Tuesday, July 30, 2024

The story of surprising "Keystone Species" of Vultures (and Wolves)

A "keystone species" is an animal that plays an oversized role in an environment. Typically, removing this species has a follow-on result that disrupts a stable ecosystem*. Think of the absence of Mountain Lions in California. The lack of these predators allowed skyrocketing numbers of deer in the state. Or the vast numbers of impalas in Africa, which are the main diet of nearly all large predators on that continent.

And occasionally, we find a surprising species we did not know was essential and only find out after they are gone. Like honeybees. Or, in this case, vultures.

Vultures are carrion eaters; that is, they pick clean the carcasses of dead animals after the primary and secondary predators are through with a dead body. In India, the case for vultures was made in a surprising way. The 10s of millions of birds started dying in the last '90s and early 2000s. In 2004, it was found that the new generics of an anti-inflammatory medicine used on cattle were toxic to vultures. By 2006, the number of vultures had declined by 95%. They were functionally extinct.

The results have been horrible. Without vultures to eat all the dead flesh, it rotted and entered the environment, polluting rivers, and drinking water. The number of wild dogs (feral - if you do Wordle, you know) grew exponentially, dining of dead animals. These dogs in India carry rabies, infecting millions of people. All told, scientists have pegged the extra deaths at 500,000 a year. With no practical way of changing this in the short term.

The introduction of wolves back into the Northern US also had an unexpected result. I've talked about how they positively affected the ecosystems of the Northern Rockies and negatively affected ranchers in Montana and Wyoming. But another effect has been to keep deer populations down. This has actually reduced car / deer accidents by 25% in Wisconsin. The economic benefit is 63 TIMES the negative effect on livestock in the area.
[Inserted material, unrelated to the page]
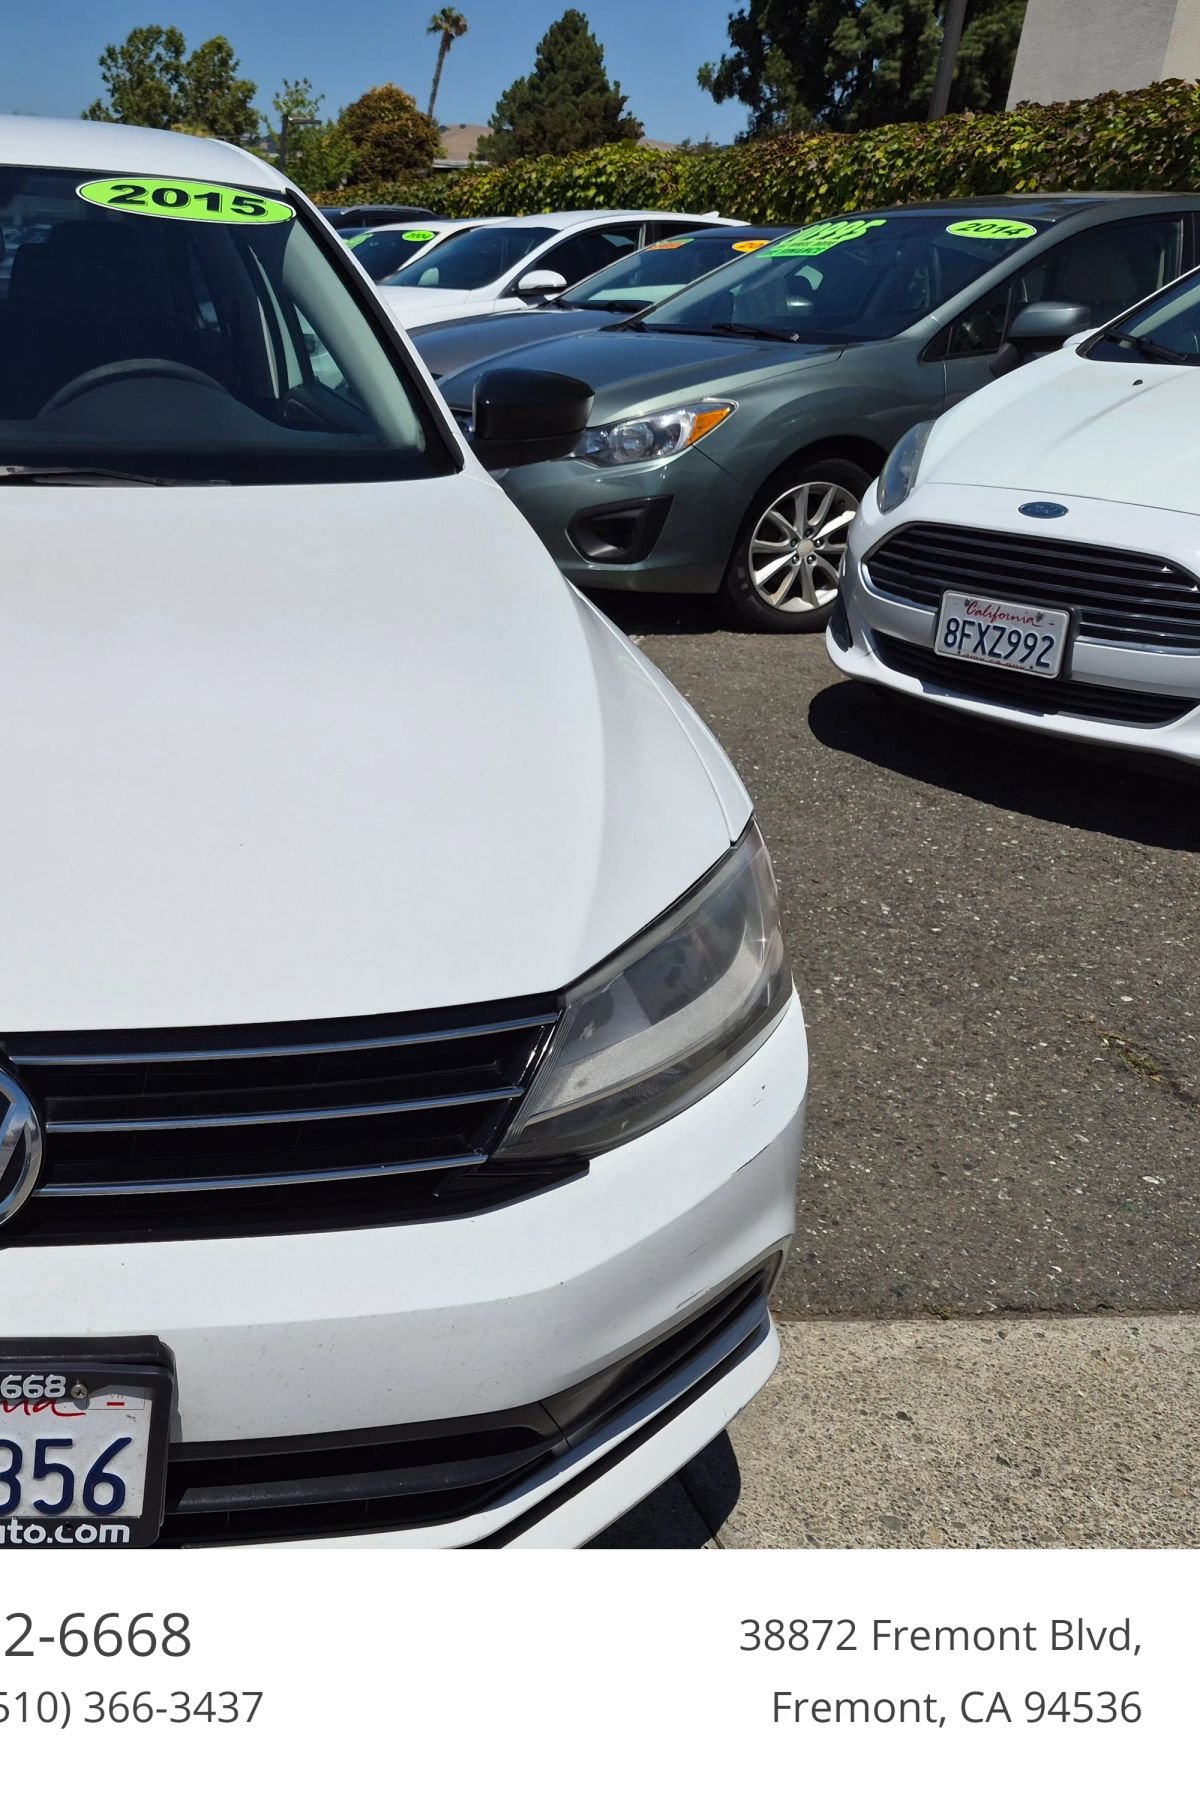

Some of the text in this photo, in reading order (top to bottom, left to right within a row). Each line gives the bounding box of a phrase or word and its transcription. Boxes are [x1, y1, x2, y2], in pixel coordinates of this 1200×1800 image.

[107, 184, 267, 217] 2015
[956, 223, 1028, 236] 2014
[965, 601, 1044, 628] California
[943, 617, 1056, 669] 8FXZ992
Of course, livestock farms don't profit from those savings which is a problem of who benefits and who is hurt. But that is for a different time. LINK 


*My first major at UCLA was Geography Ecosystems, which I loved. But you had to take Biology, which I hated (and got a D in) and so it was on to Geography & Economics. I don't think they offer a Geography Ecosystem degree now as Geography itself expanded to focus on this.